* [What you need to do] Could you repeat the records below exactly, leaving out any pictures?

[Input data]

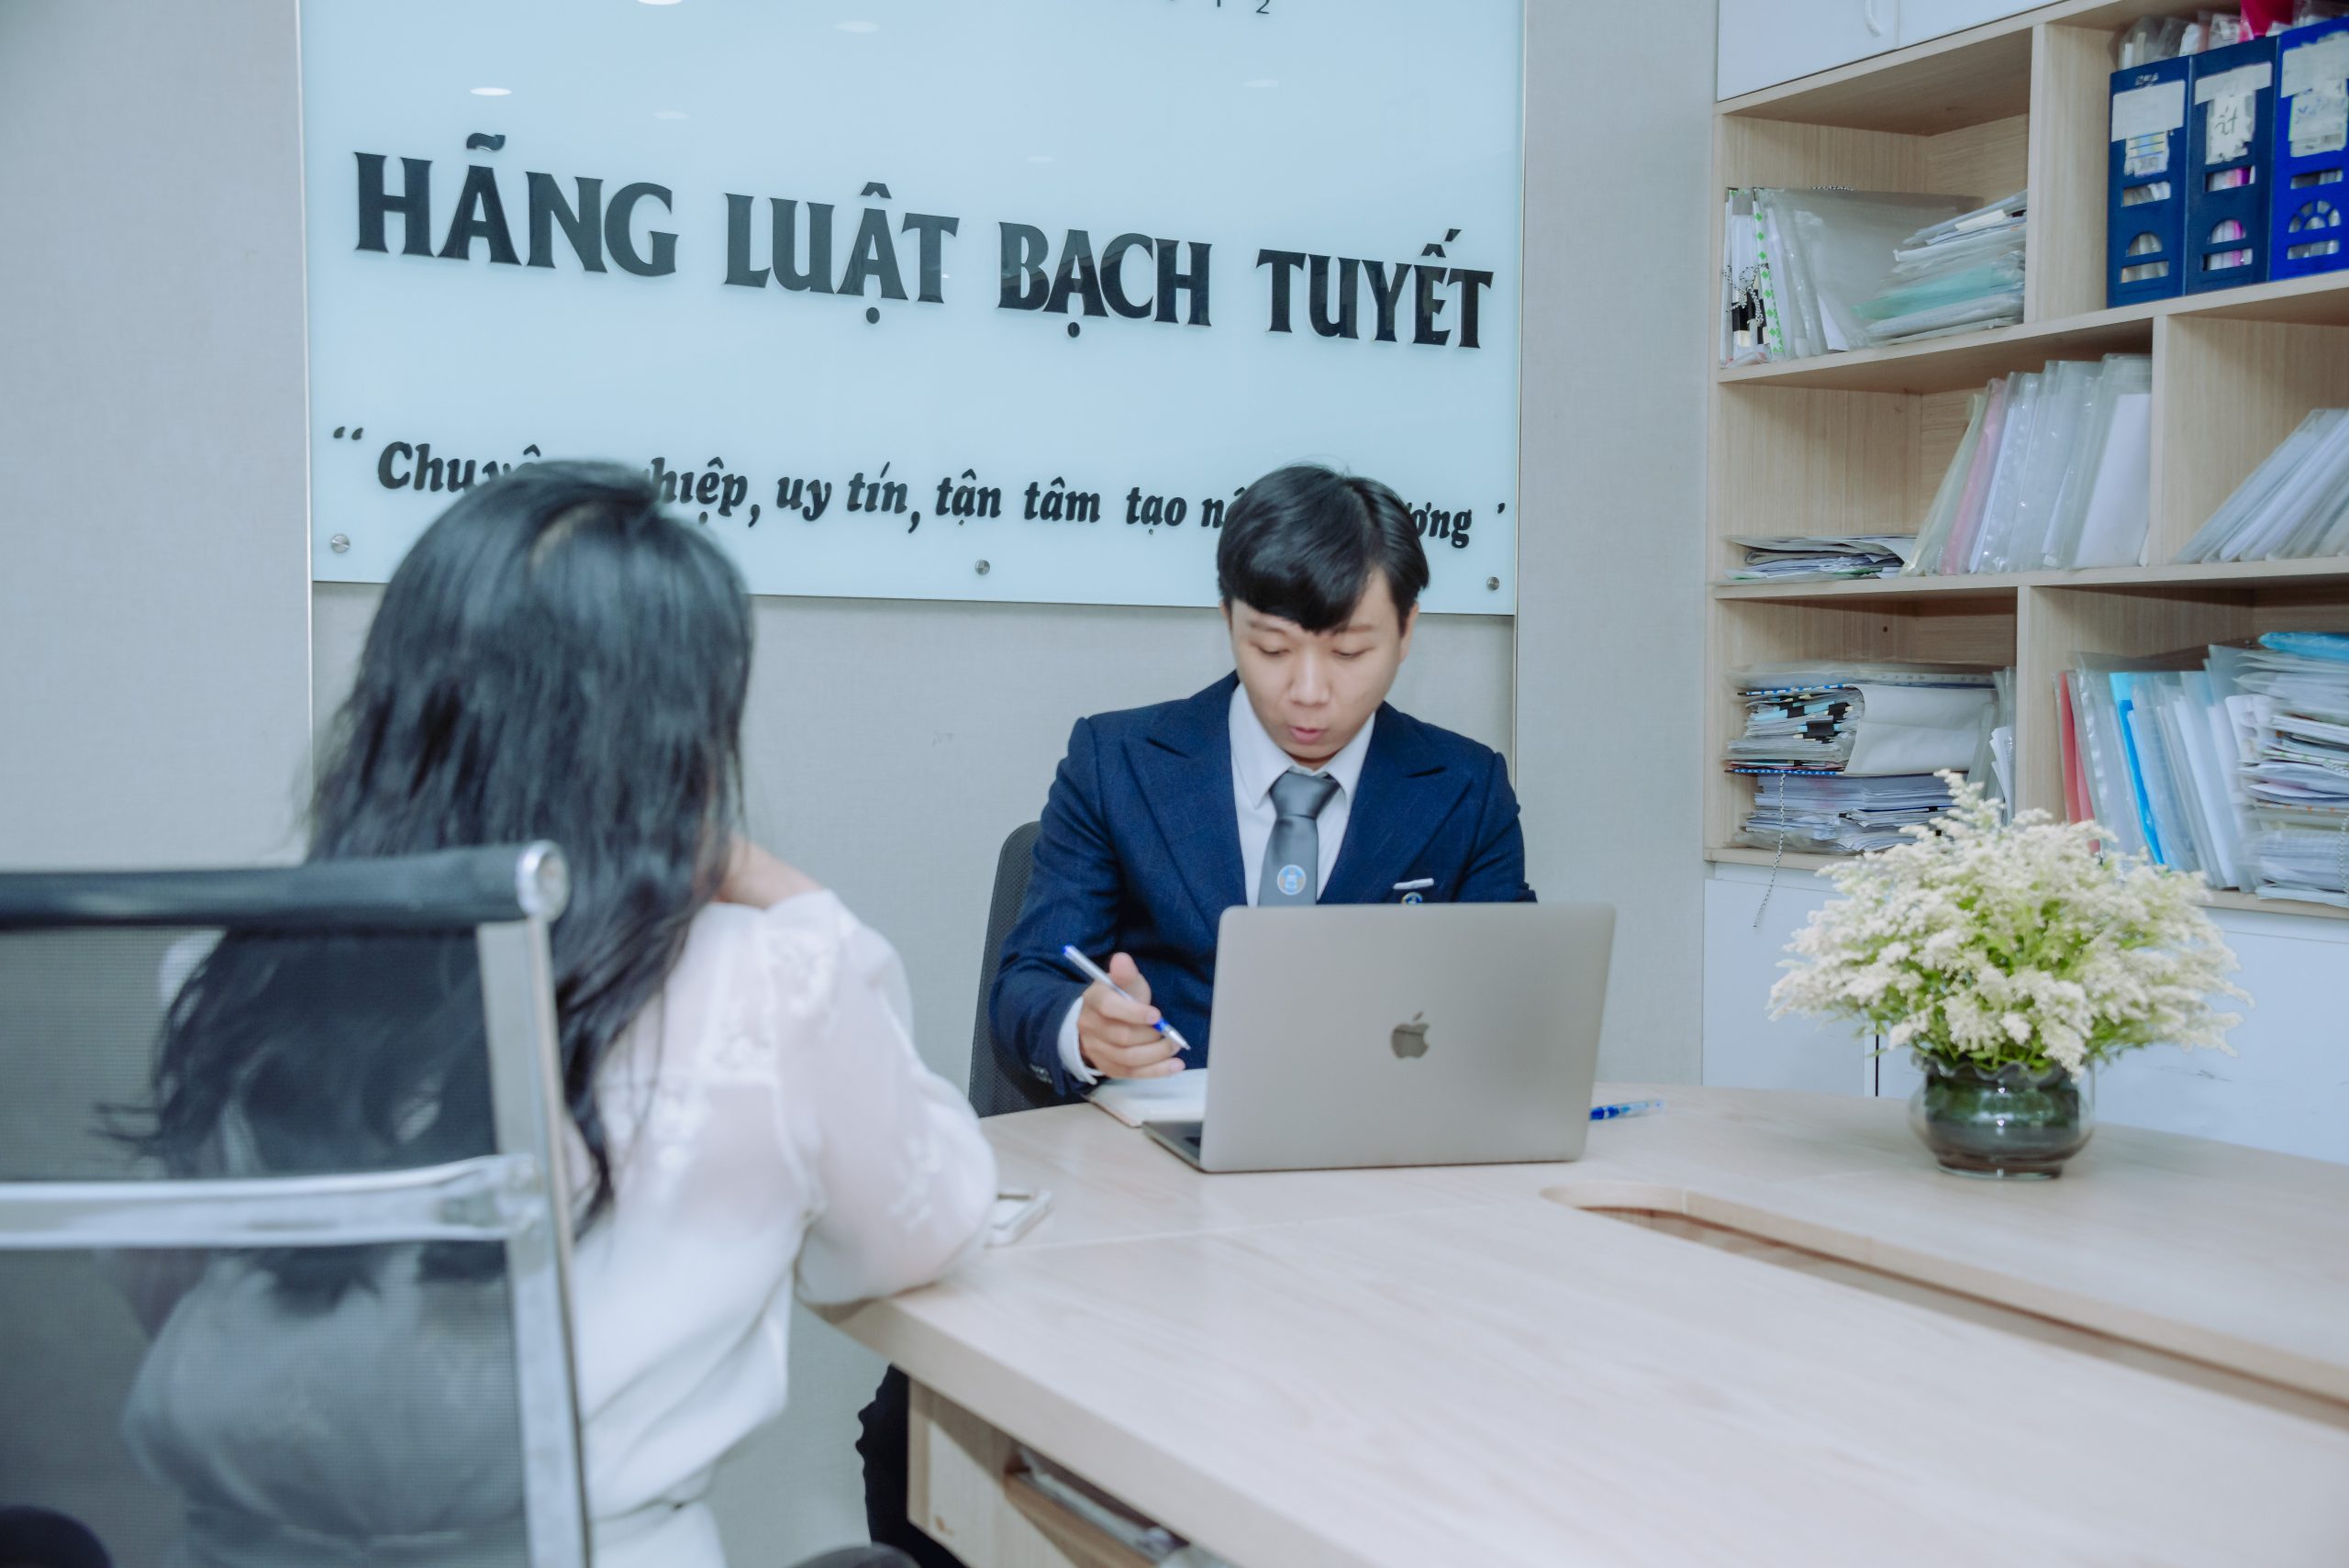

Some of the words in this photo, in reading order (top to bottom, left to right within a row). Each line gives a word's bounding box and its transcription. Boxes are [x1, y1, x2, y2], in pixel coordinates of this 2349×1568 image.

[353, 132, 680, 277] HÃNG
[722, 181, 960, 325] LUẬT
[997, 221, 1213, 339] BẠCH
[1255, 228, 1495, 349] TUYẾT
[642, 456, 761, 528] hiệp,
[776, 476, 832, 522] uy
[846, 461, 921, 534] tín,
[935, 468, 1002, 526] tận
[1024, 476, 1101, 523] tâm
[1126, 486, 1188, 536] tạo
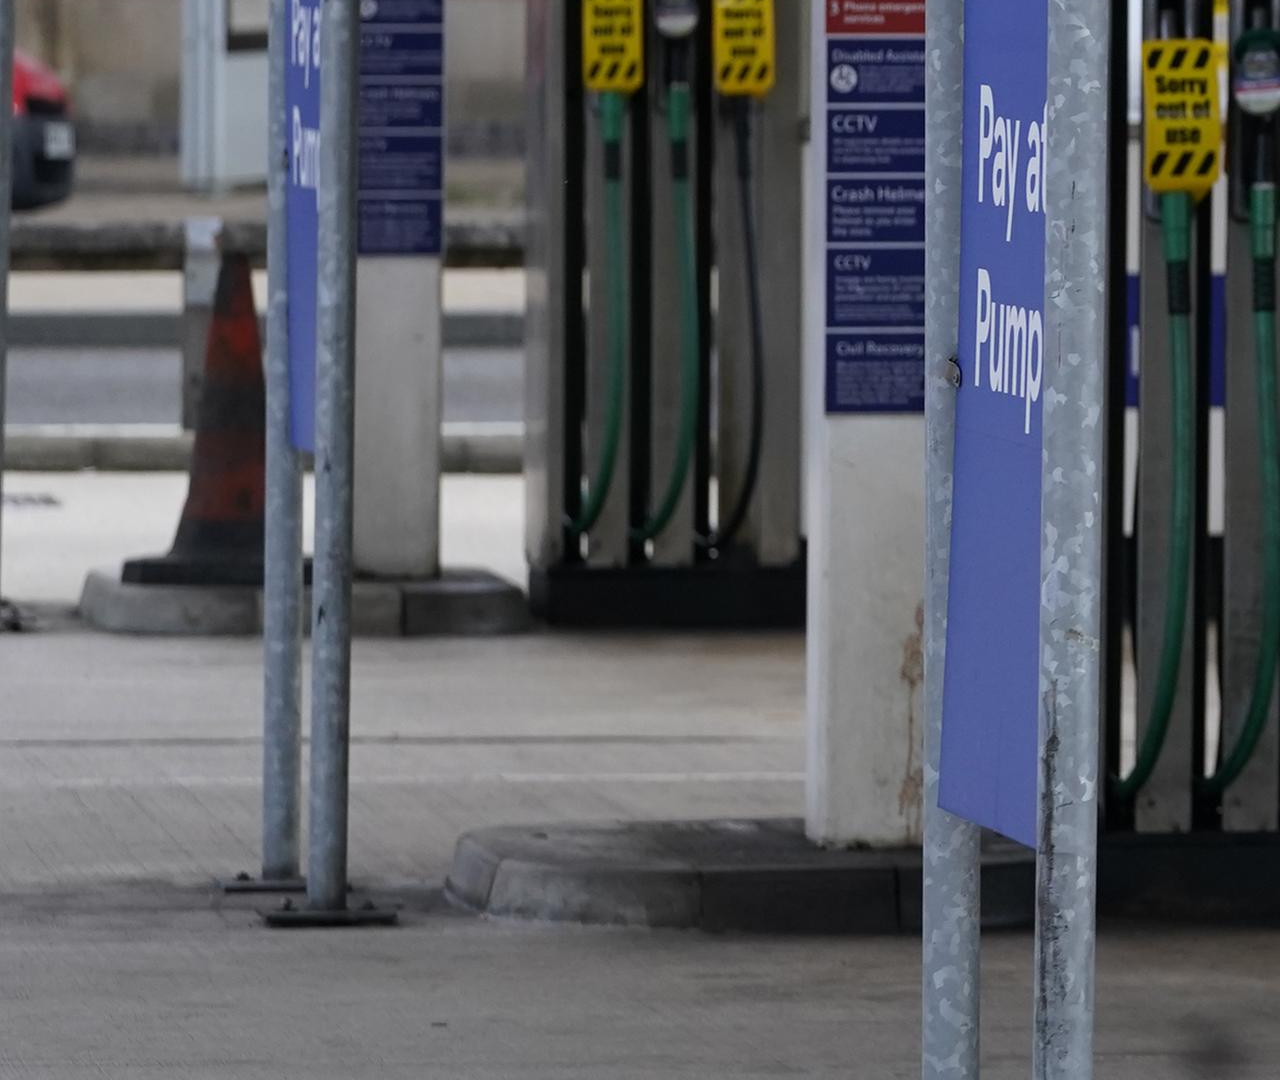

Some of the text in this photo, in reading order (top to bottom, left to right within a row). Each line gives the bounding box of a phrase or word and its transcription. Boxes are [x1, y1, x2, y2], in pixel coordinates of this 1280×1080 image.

[1155, 75, 1208, 95] Sorry
[1156, 99, 1210, 119] out of
[1166, 126, 1201, 145] use
[978, 84, 1021, 242] Pay
[974, 268, 1044, 437] Pump
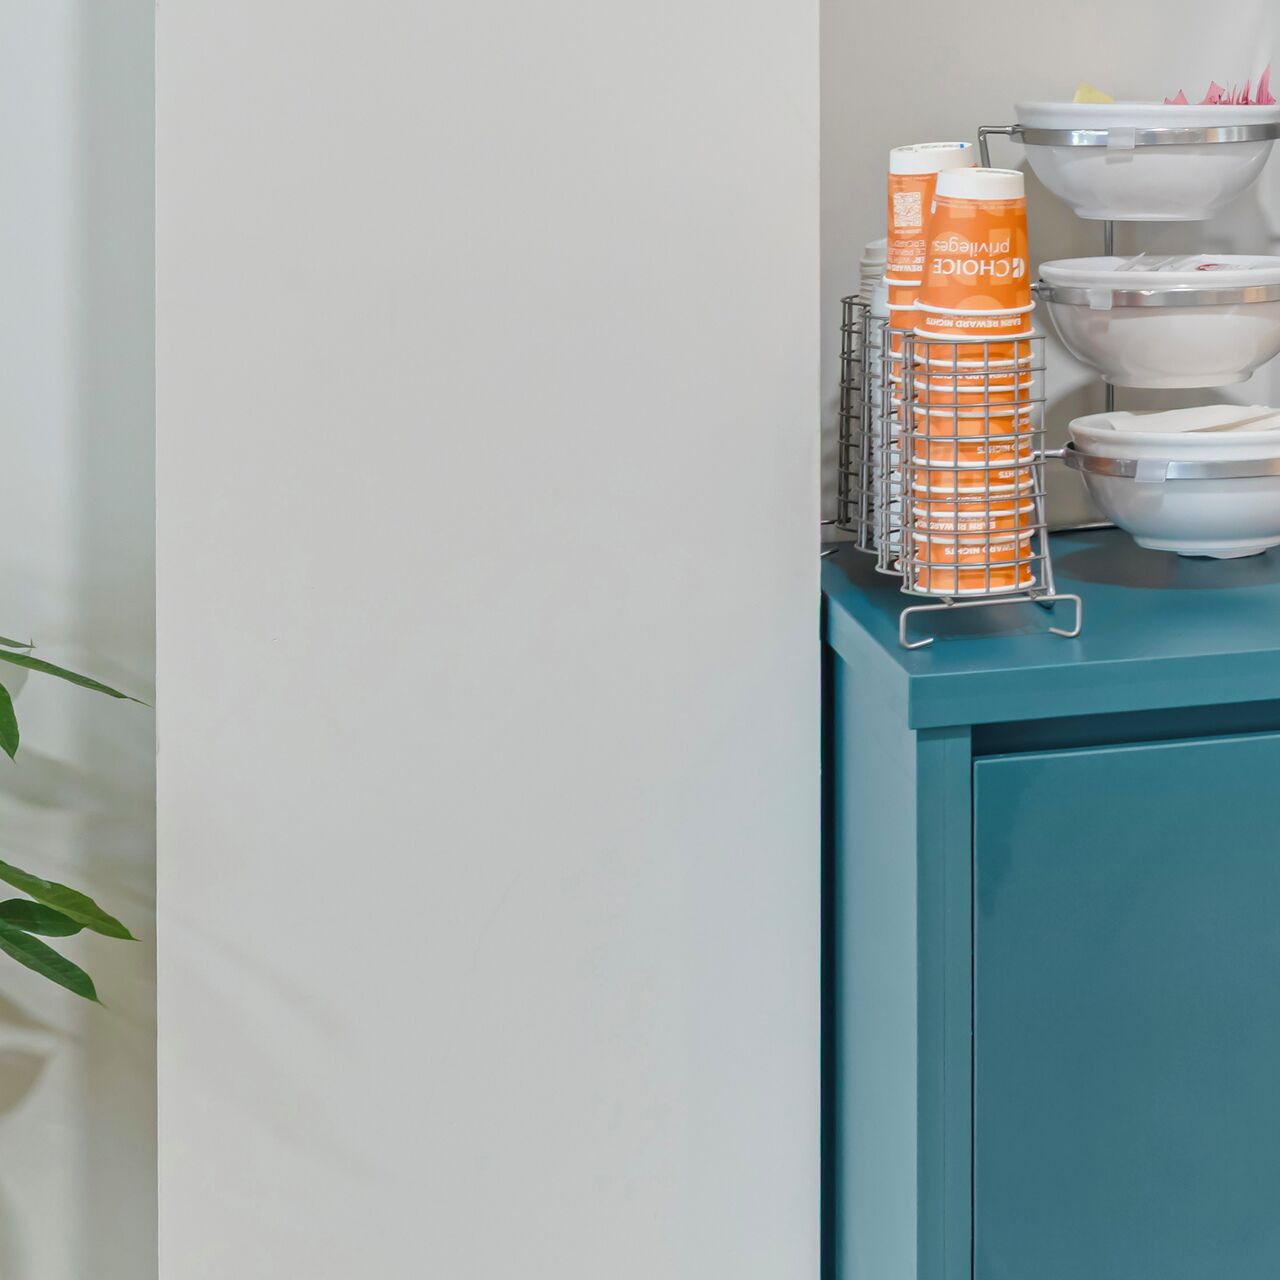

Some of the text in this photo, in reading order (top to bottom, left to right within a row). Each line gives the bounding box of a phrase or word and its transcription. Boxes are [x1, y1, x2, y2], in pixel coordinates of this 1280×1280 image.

[/Input data]

* [Task output]
Some of the words in this photo, in reading order (top to bottom, left to right within a row). Each line gives a word's bounding box and its transcription. Boxes are [x1, y1, x2, y2], in pixel coordinates of this 2349×1568 image.

[353, 132, 680, 277] HÃNG
[722, 181, 960, 325] LUẬT
[997, 221, 1213, 339] BẠCH
[1255, 228, 1495, 349] TUYẾT
[642, 456, 761, 528] hiệp,
[776, 476, 832, 522] uy
[846, 461, 921, 534] tín,
[935, 468, 1002, 526] tận
[1024, 476, 1101, 523] tâm
[1126, 486, 1188, 536] tạo

Some of the text in this photo, in reading order (top to bottom, left to right within a row). Each line gives the bounding box of a phrase or word and its transcription. Boxes are [x1, y1, x2, y2], in pixel coordinates of this 1280×1080 image.

[1155, 75, 1208, 95] Sorry
[1156, 99, 1210, 119] out of
[1166, 126, 1201, 145] use
[978, 84, 1021, 242] Pay
[974, 268, 1044, 437] Pump

Some of the text in this photo, in reading order (top to bottom, left to right within a row). Each line gives the bounding box of a phrase or word and its transcription. Boxes are [x1, y1, x2, y2], in pixel coordinates of this 1280×1280 image.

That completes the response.